Я прочитал присяжным послание Джефферсона конгрессу, обратив внимание на ту его часть, где он ссылается на разные письма о моей деятельности и на приказы, которые он в связи с этим отдал армии и флоту.
— Ваша честь, я обратился к военно-морскому министру за копиями приказов. Он отказался их представить. Попытки получить копии писем, адресованных президенту, тоже не увенчались успехом. Но я не могу строить свою защиту, не ознакомясь с тем, что говорят мои обвинители. Я должен знать, какие приказы президент или его министры отдали армии и флоту о моей персоне. Поэтому, с позволения досточтимого суда, я должен потребовать вызова в суд duces tecum[95] президента Соединенных Штатов… — Я сделал паузу и с наслаждением услышал единый вздох нескольких сот пропахших табаком глоток, — чтобы достопочтенный Томас Джефферсон явился сюда и привез с собой документы, какие необходимы для моей защиты и для отправления правосудия.

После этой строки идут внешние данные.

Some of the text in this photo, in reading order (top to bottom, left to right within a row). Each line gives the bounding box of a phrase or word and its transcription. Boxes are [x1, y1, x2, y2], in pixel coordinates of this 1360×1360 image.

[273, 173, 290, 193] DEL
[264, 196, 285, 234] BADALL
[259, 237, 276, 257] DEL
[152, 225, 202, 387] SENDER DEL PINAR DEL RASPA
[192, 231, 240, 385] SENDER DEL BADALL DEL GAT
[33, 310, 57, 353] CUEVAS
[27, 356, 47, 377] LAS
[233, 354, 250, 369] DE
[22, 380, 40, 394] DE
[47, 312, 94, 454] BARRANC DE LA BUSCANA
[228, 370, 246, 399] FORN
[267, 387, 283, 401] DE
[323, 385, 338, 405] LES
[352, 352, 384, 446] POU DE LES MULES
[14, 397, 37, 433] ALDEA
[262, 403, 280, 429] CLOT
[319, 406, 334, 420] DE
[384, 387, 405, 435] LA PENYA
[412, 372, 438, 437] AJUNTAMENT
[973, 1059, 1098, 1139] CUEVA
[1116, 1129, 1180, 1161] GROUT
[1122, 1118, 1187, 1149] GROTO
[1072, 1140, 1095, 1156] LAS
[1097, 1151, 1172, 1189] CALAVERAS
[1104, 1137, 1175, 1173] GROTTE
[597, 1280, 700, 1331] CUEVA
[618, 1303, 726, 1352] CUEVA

Хэй вскочил со своего места и заговорил так быстро, что начал заикаться.
— Естественно, Ваша честь, я сделаю, что аз моих силах, чтобы получить документы, и суд — и только суд — определит, существенны ли они…

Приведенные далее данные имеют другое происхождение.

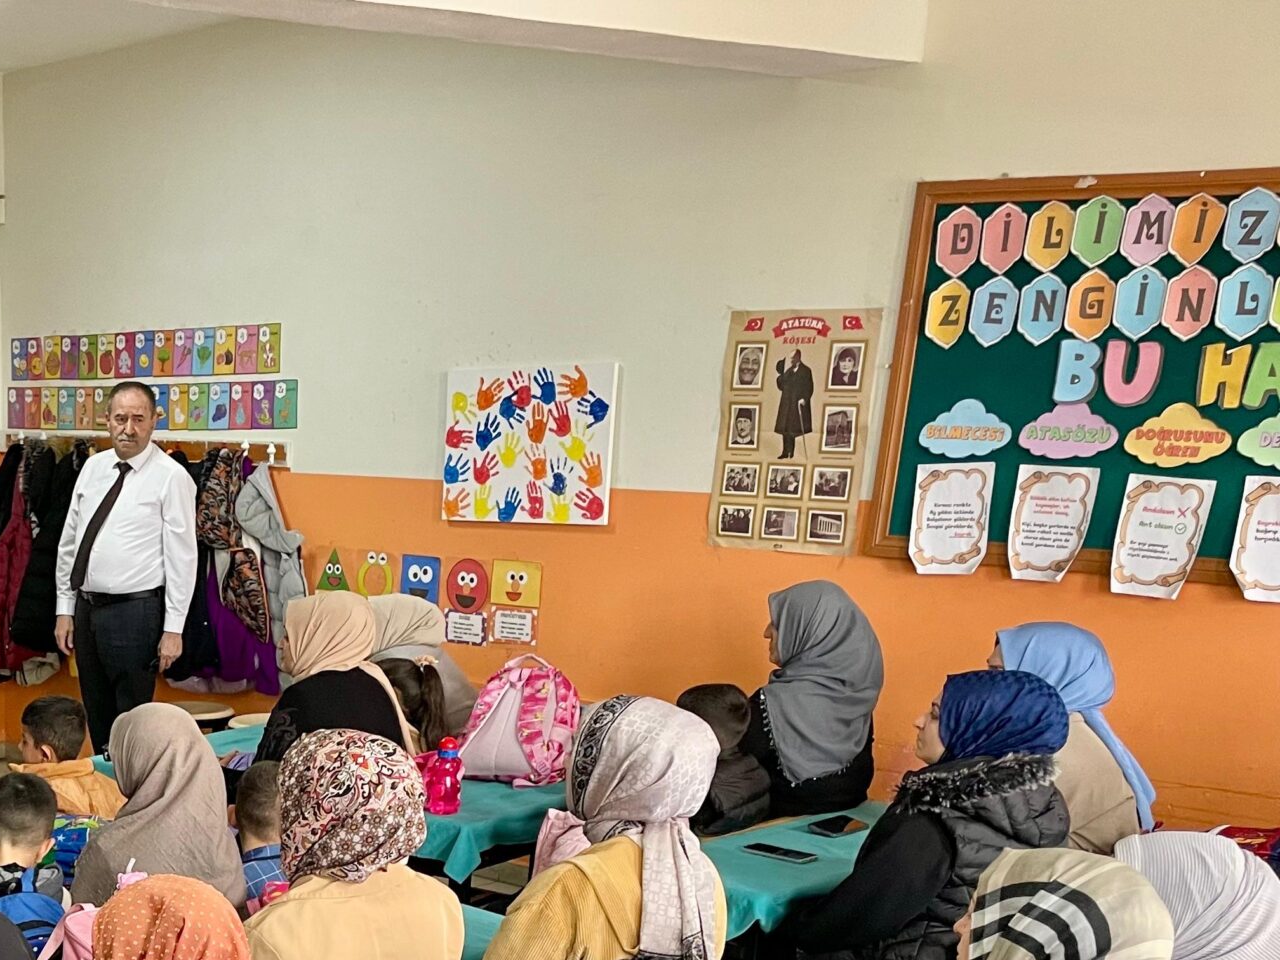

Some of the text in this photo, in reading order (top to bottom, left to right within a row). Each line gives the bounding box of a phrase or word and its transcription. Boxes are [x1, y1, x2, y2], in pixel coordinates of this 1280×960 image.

[949, 200, 1270, 256] DİLİMİZ
[780, 316, 824, 331] ATATÜRK
[782, 335, 817, 345] KÖŞESİ
[1053, 339, 1165, 407] BU

— Но, мистер Хэй, — пробормотал верховный судья приглушенным голосом, который порой так напоминал шепоток его кузена-президента, — как суд определит, что существенно, что нет, если суд ни к чему не имеет доступа?
— Ваша честь, конечно, не может одобрить это… эту наглую… эт-т-ту… попытку вызвать главу исполнительной власти в суд.

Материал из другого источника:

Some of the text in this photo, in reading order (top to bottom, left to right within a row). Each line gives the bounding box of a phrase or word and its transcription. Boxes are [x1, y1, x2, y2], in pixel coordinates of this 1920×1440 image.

— Суд считает вопрос опорным и обдумает проблему. Заседание откладывается до утра.
На другой день Хэй нашел благовидную уловку, что, мол, раз заседает не суд, а большое жюри, я лишен прав, предоставленных обвиняемому в обычном судебном процессе.
За ним выступил Лютер Мартин. Отхлебнув из глиняной фляжки глоток виски, он вышел на середину зала. Вид у него был, мягко выражаясь, неопрятный. Две ночи напролет он спал, не раздеваясь, на полу моей спальни в «Золотом орле»; я не пытался даже его растолкать. Я знал по опыту, что, если Лютер Мартин решил спать на полу (или в чулане — у него была неестественная страсть к чуланам), противиться бесполезно. Он останется там, где рухнет, громко и, надо полагать, удовлетворенно похрапывая. Но какой это блестящий юрист, пьян он или трезв!
Лютер Мартин, как и я, подозревал, что где-нибудь в военном министерстве может храниться приказ Уилкинсону с намеком на то, что моя смерть была бы чрезвычайно удобна неким заинтересованным лицам. Держа это в уме, он рассказал жюри о трудностях, с какими мы столкнулись, пытаясь получить правительственные документы. Странно, сказал он. Более чем странно. Затем внушительно отпил из своей фляжки — для поддержания сил, — и битком набитый зал замер. Никогда не видел я на сцене актера, который умел бы так держать в руках зрителей.
— Это особый случай, сэр. — Красные глазки устремились вверх, к Маршаллу, затем снова обратились в сторону большого жюри. — Перед нами удивительное дело, и президент, ни больше ни меньше, выразил предвзятое суждение о моем подзащитном, объявив в своем послании конгрессу, я цитирую, «его вина не вызывает никаких сомнений». — Лютер Мартин покачал головой, опечаленный низменностью человеческой природы и человеческим вероломством.
Напряжение в зале достигло предела. Идола толпы, само божество — Джефферсона вызывают в суд, как простого смертного. И того хуже — апостола прав человека осуждают не только за мстительность, но и за высказывание предвзятого мнения, то есть за нарушение юридического процесса.
— Может показаться, — Лютер Мартин заговорил тенором: затишье перед бурей, — что президент приписывает себе всеведение высшего судии. — Постепенный переход от тенора к баритону. — Он объявил своего бывшего вице-президента изменником перед лицом страны, которая его наградила. И пошел на него войной, спустив с цепи судебных церберов. — Баритон превратился в гомерический бас и загремел на весь зал. Никто не шевельнулся. — И неужели же президент Соединенных Штатов, затеявший эту нелепую шумиху, хочет утаить нужные суду документы, когда на карту поставлена жизнь? — Вопрос, подобно роковой пуле, рикошетом ударил в зал, отскочив от сводов Капитолия.